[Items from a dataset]
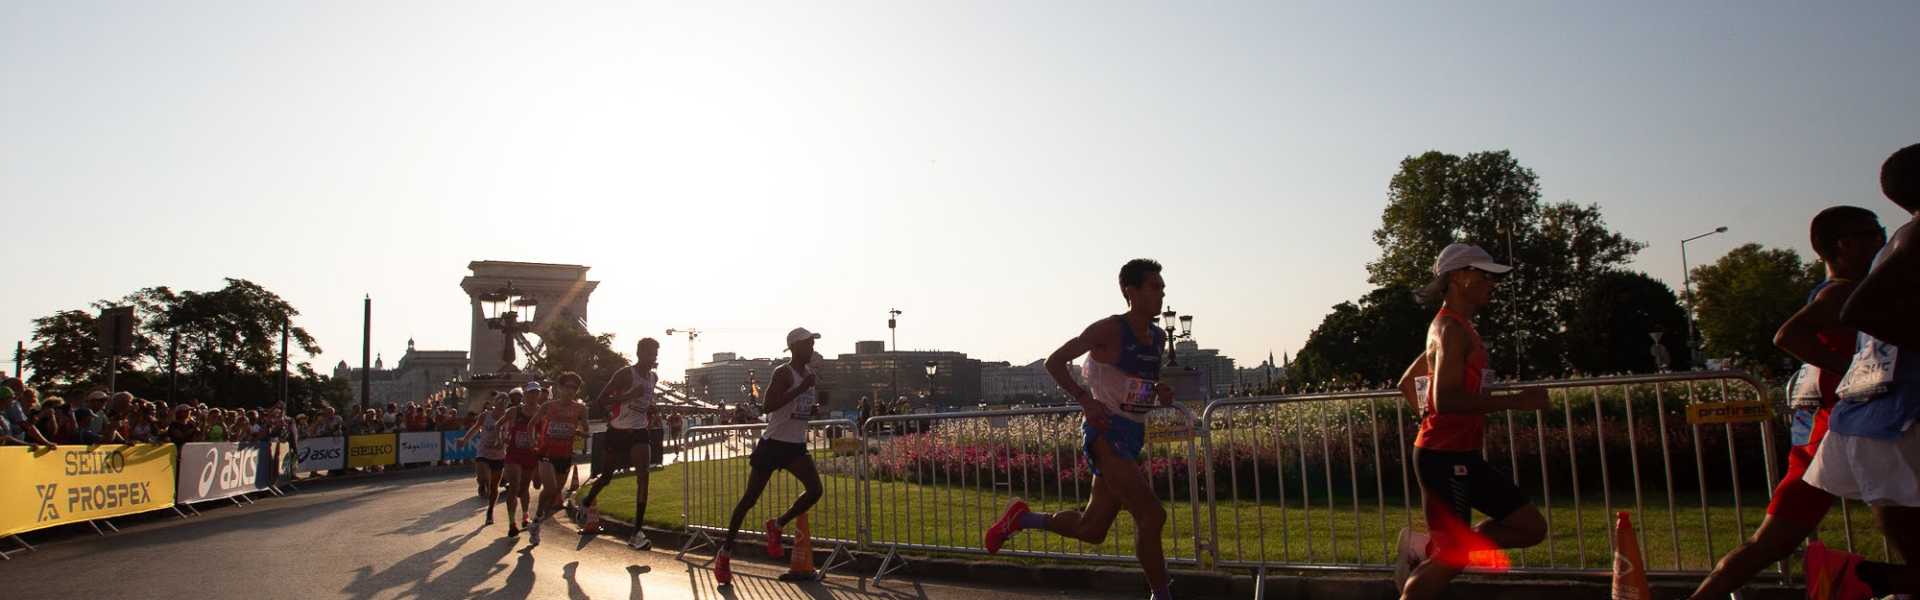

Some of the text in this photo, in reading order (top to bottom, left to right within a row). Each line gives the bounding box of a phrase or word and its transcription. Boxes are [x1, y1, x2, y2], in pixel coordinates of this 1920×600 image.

[64, 450, 125, 476] SEIKO
[310, 447, 341, 461] asics
[350, 444, 393, 457] SEIKO
[220, 446, 259, 490] asics
[67, 480, 151, 513] PROSPEX
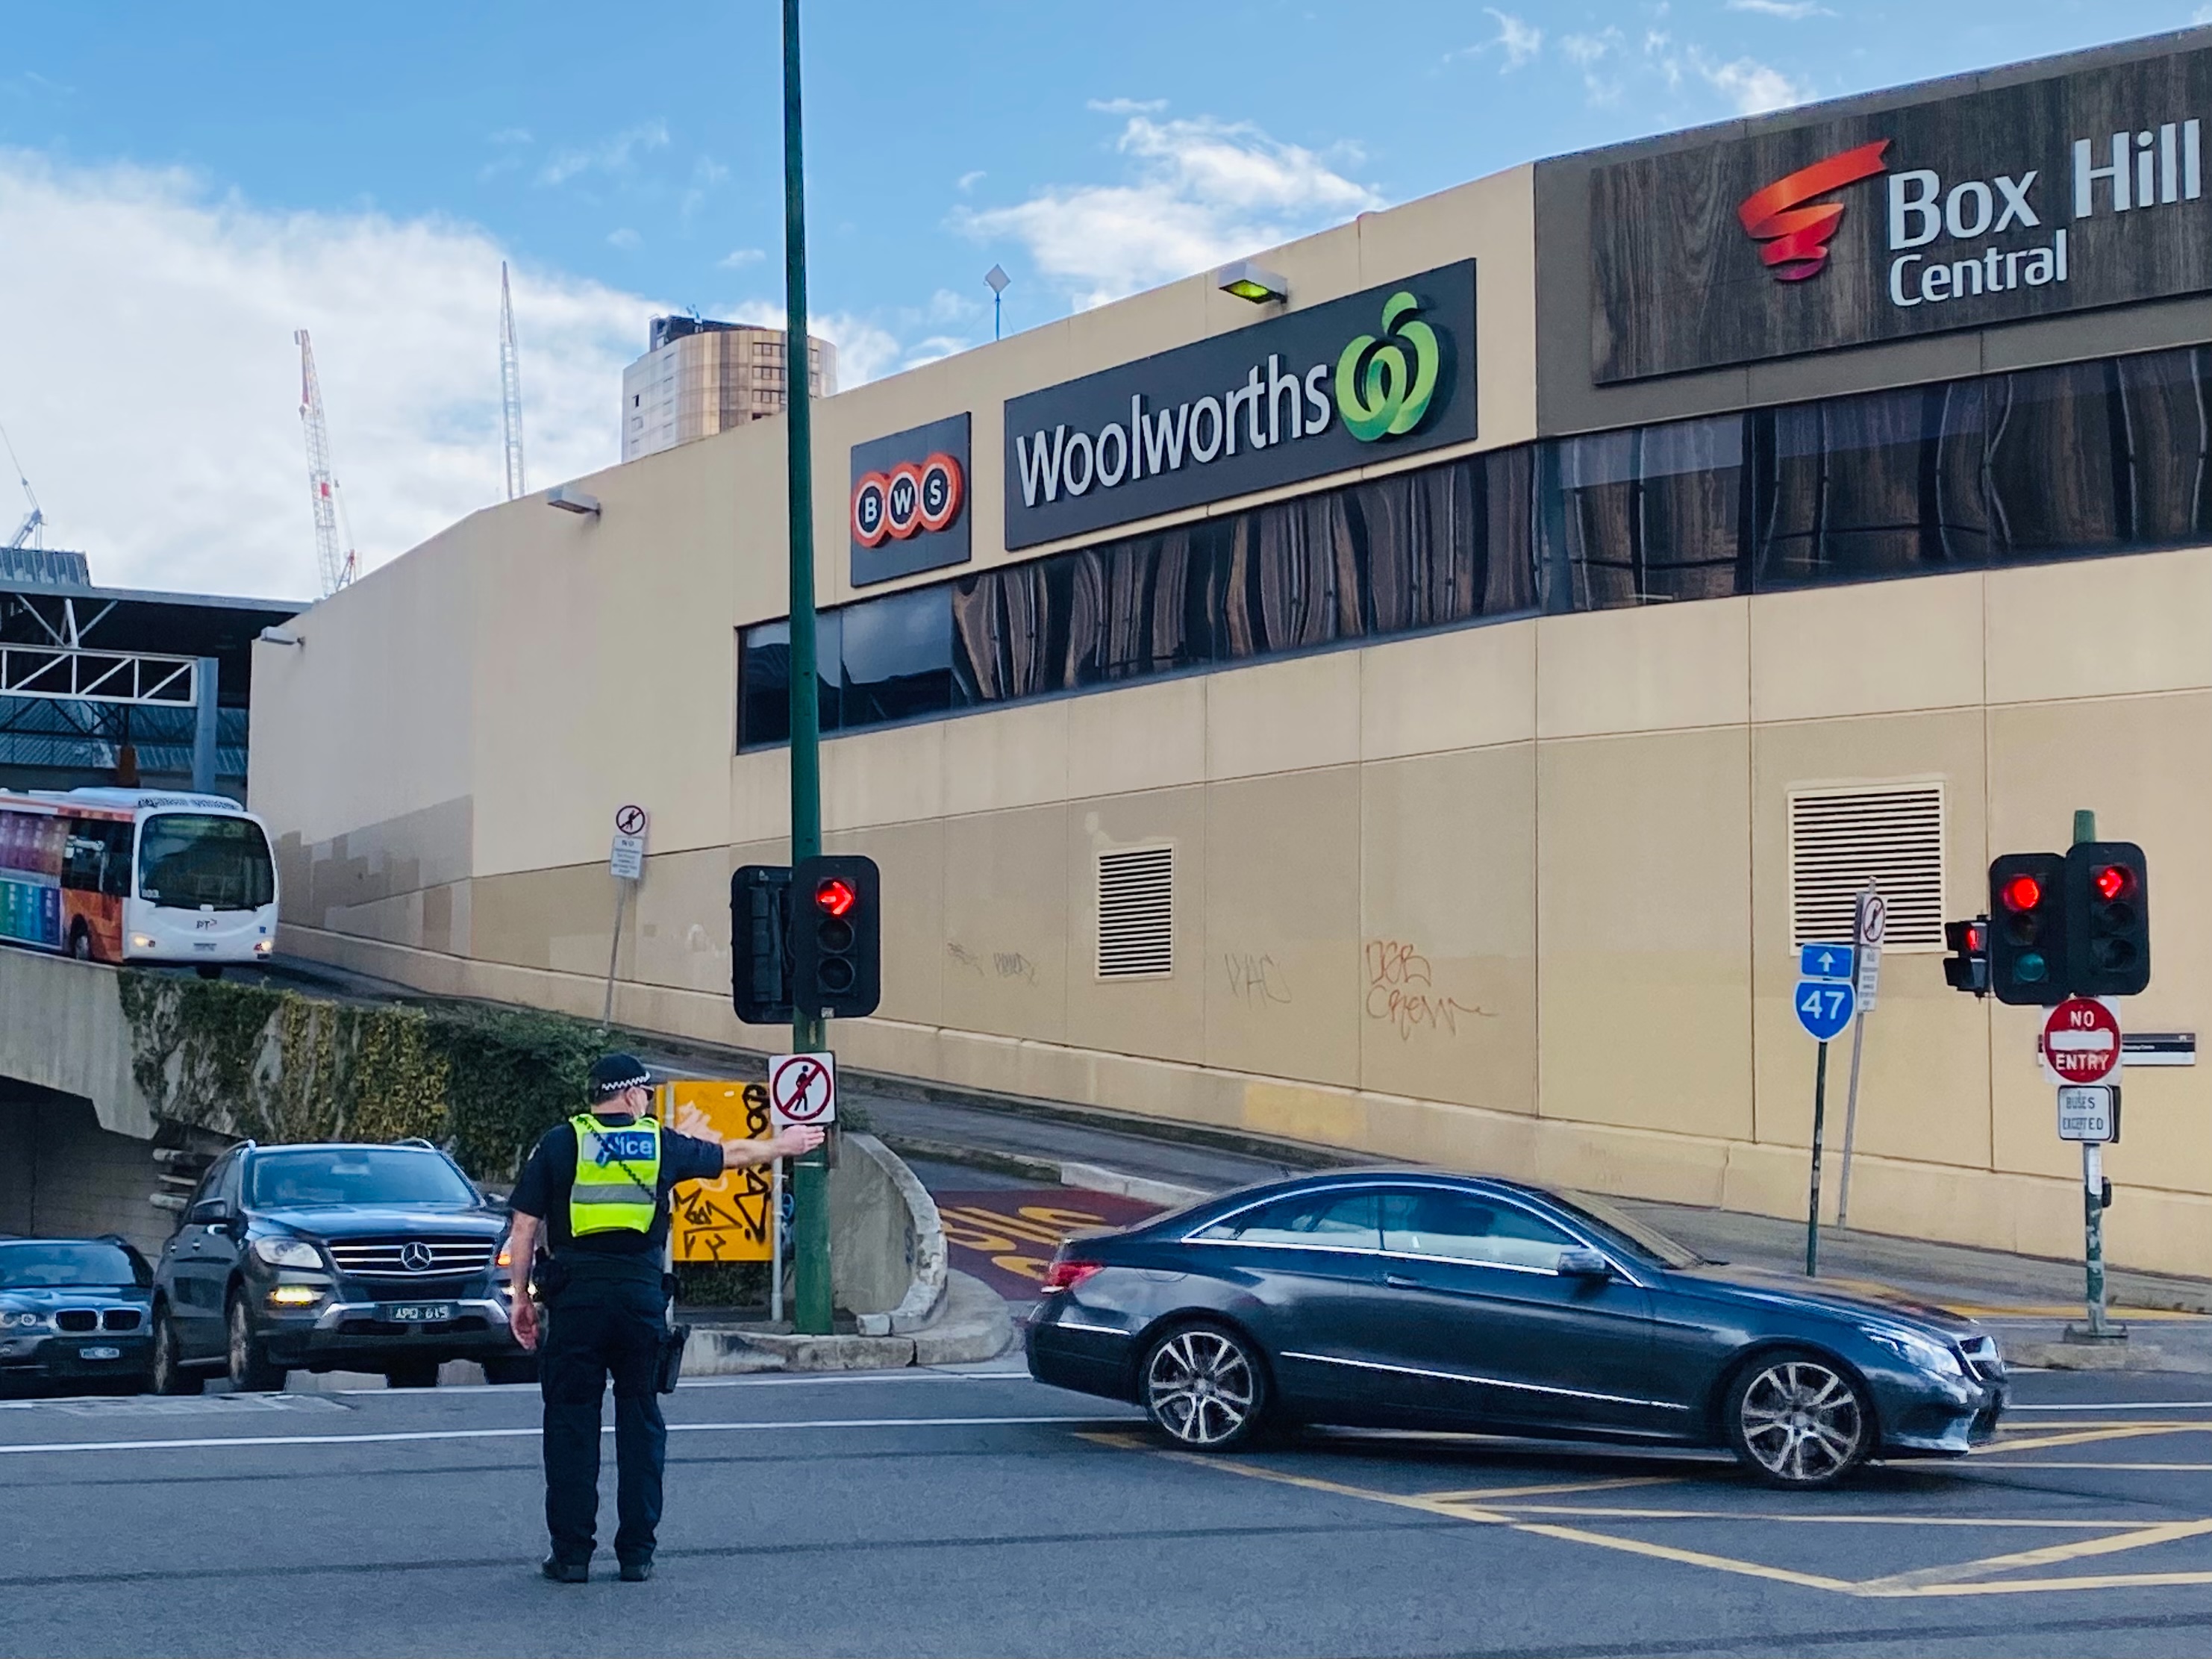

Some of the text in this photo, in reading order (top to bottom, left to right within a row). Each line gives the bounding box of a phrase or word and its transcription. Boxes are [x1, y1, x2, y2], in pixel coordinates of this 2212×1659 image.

[1888, 118, 2202, 251] Box Hill
[1890, 228, 2069, 307] Central
[1016, 353, 1332, 508] Woolworths
[863, 478, 946, 524] BWS
[1801, 990, 1845, 1019] 47
[2069, 1010, 2096, 1028] NO
[2055, 1053, 2110, 1071] ENTRY
[2066, 1096, 2096, 1110] BUSES

• WHAT THIS TASK INVOLVES: Repeat the records exactly, without the pictures.

• EXERCISE RESULT:
Some of the text in this photo, in reading order (top to bottom, left to right within a row). Each line gives the bounding box of a phrase or word and its transcription. Boxes are [x1, y1, x2, y2], in pixel coordinates of this 1920×600 image.

[64, 450, 125, 476] SEIKO
[310, 447, 341, 461] asics
[350, 444, 393, 457] SEIKO
[220, 446, 259, 490] asics
[67, 480, 151, 513] PROSPEX

Some of the text in this photo, in reading order (top to bottom, left to right within a row). Each line gives the bounding box of a phrase or word and its transcription. Boxes are [x1, y1, x2, y2], in pixel coordinates of this 2212×1659 image.

[1888, 118, 2202, 251] Box Hill
[1890, 228, 2069, 307] Central
[1016, 353, 1332, 508] Woolworths
[863, 478, 946, 524] BWS
[1801, 990, 1845, 1019] 47
[2069, 1010, 2096, 1028] NO
[2055, 1053, 2110, 1071] ENTRY
[2066, 1096, 2096, 1110] BUSES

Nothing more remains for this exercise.